Table 3 The statistics of the DailyDialog dataset

Full size table

In the original DailyDialog dataset, the Disgust and Fear emotions have limited instances, where Disgust and Fear account for 0.34% and 0.17% respectively. To alleviate the data imbalance problem, we filter out the instances with Disgust and Fear emotion labels. Moreover, in order to make the model more fully trained, we chronologically split a dialogue with n utterances into n-1 sub dialogues. For example, for a dialogue $\mathcal {C} = (u_{1},u_{2},...,u_{m})$, we convert it to {(u₁,u₂),(u₁,u₂,u₃),...,(u₁,u₂,...,u_m)}. So each sub-dialogue includes at least two utterances, i.e. a target utterance has at least one utterance as context. Finally, we obtain the updated DailyDialog dataset for the experiment, as shown in Table 4.

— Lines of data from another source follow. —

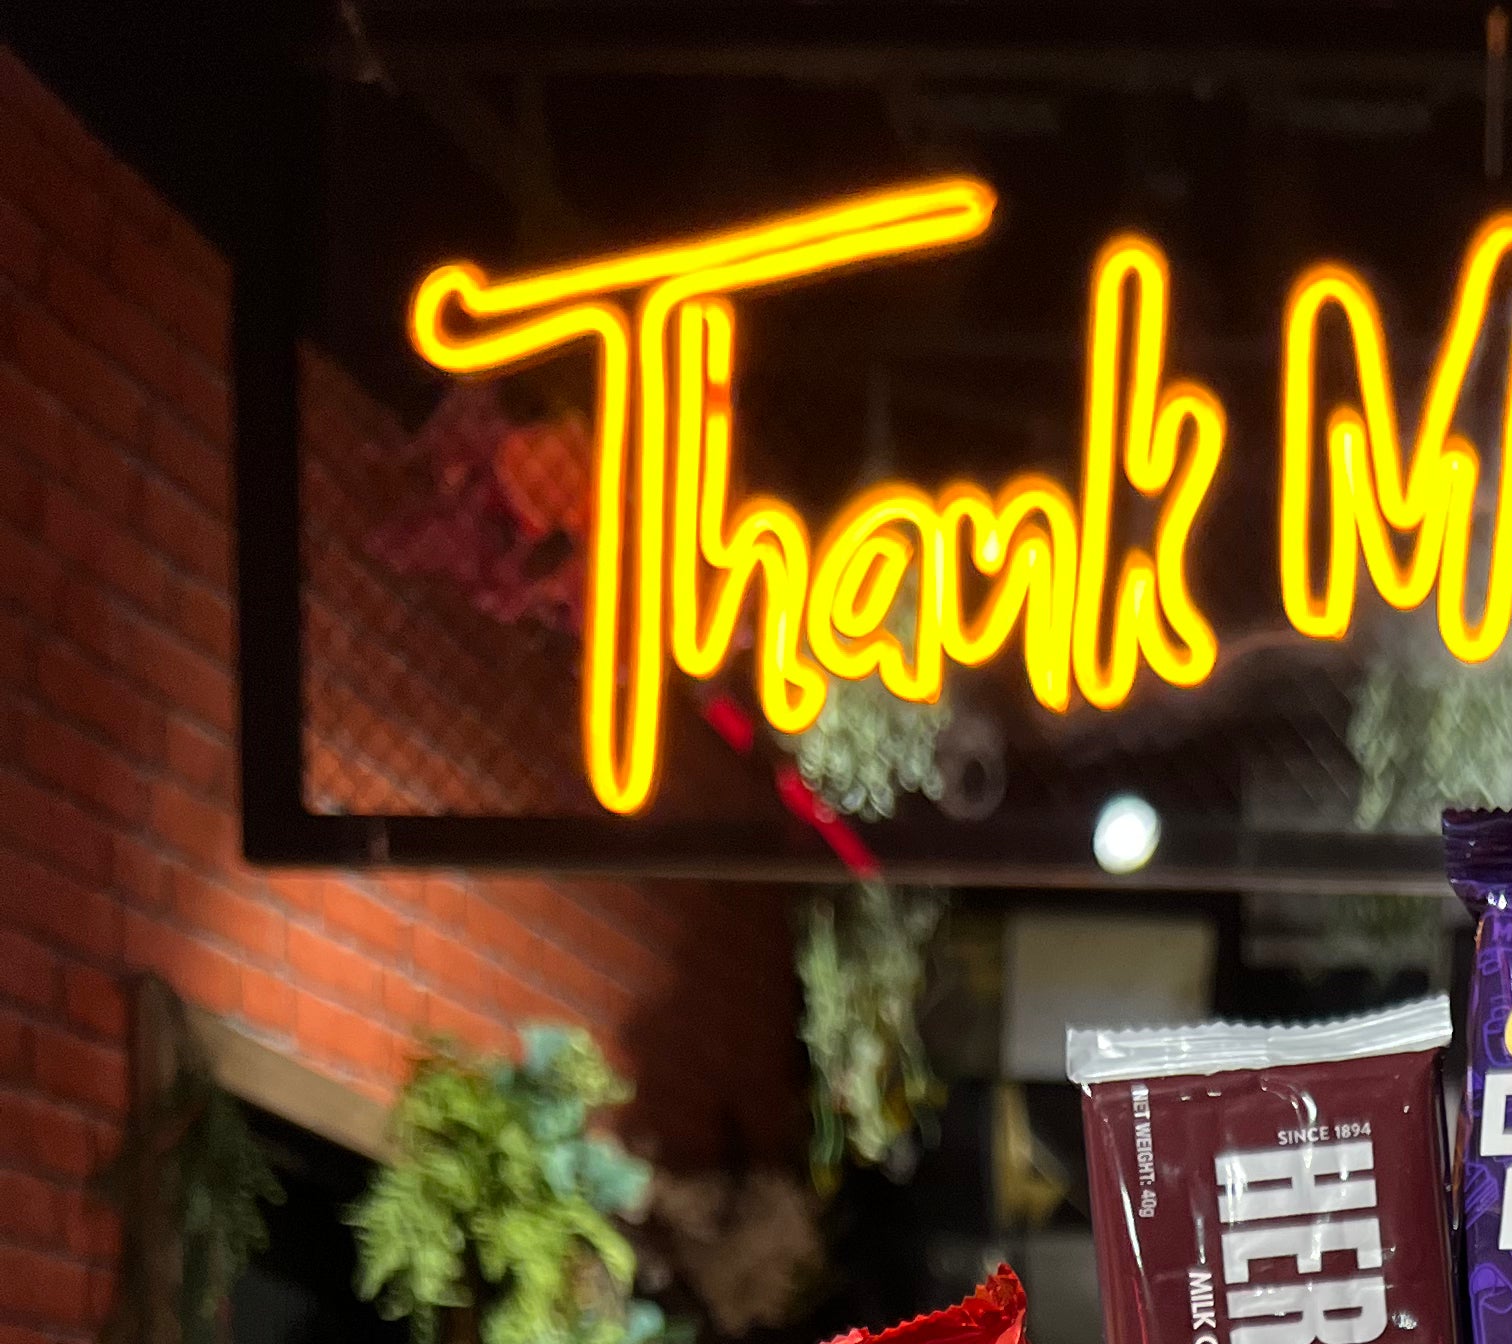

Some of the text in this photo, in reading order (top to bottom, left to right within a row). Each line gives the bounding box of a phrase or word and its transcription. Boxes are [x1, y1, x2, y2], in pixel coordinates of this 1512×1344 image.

[412, 175, 1228, 817] Thank
[1134, 1122, 1155, 1186] WEIGHT:
[1277, 1121, 1371, 1145] SINCE 1894
[1139, 1188, 1156, 1219] 40g
[1187, 1269, 1216, 1330] MILK

Table 4 The distribution of each emotion in the updated DailyDialog

Full size table

Table 4 shows that Neutral and Happiness occur frequently in the dataset. This is because people usually express no emotion in daily communications or tend to share the joy with each other. The preprocessing steps for DailyDialog are as follows.

Punctuation removal. The non-emotion bearing punctuation marks are removed. But the exclamatory and question marks are preserved as they are potential emotion indicators.
Deduplication. Some characters such as period and blank space are duplicated in the dataset. We eliminate these recurring characters in the utterances.
Segmentation. Some missing blank spaces will generate out of vocabulary words. For example, we could not find the pre-trained embedding for “okay!sure”. So we employ heuristic rules to segment these words to make them reasonable.

6.1.2 WBEmoDialog

WBEmoDialog is the dyadic Chinese text conversation dataset that we build in this paper, and includes six basic emotions. Since each utterance is associated with one emotion label in WBEmoDialog, we also split a dialogue with n utterances into n − 1 sub dialogues. The final emotion distribution of WBEmoDialog is summarized in Table 5.

Table 5 The distribution of each emotion in the WBEmoDialog

Full size table

We conduct word segmentation for the utterances using Jieba.^{Footnote 7} Note that WBEmoDialog is built based on an exiting conversation dataset, and thus has relatively less noise. We just remove the non-emotion bearing punctuation marks and stop words.

6.2 Experiment setup

To initialize the word embedding matrix, we use the pre-trained 1024-dimension ELMo embeddings [32]. All weight parameters are initialized using the default Tensorflow initializer, and we utilize the Adam optimization algorithm to train them with the learning rate of 0.001. The number of convolutional filters is set as 128 and the filter sizes are set as 2, 3 and 4. The number of GRU cells is 128 for all GRU modules except GRU_S, which contains 256 GRU cells. The weight of L₂ regularization term γ is set 0.001. The dropout rate of 0.5 is set to obtain better performance. The batch size is 128 finally.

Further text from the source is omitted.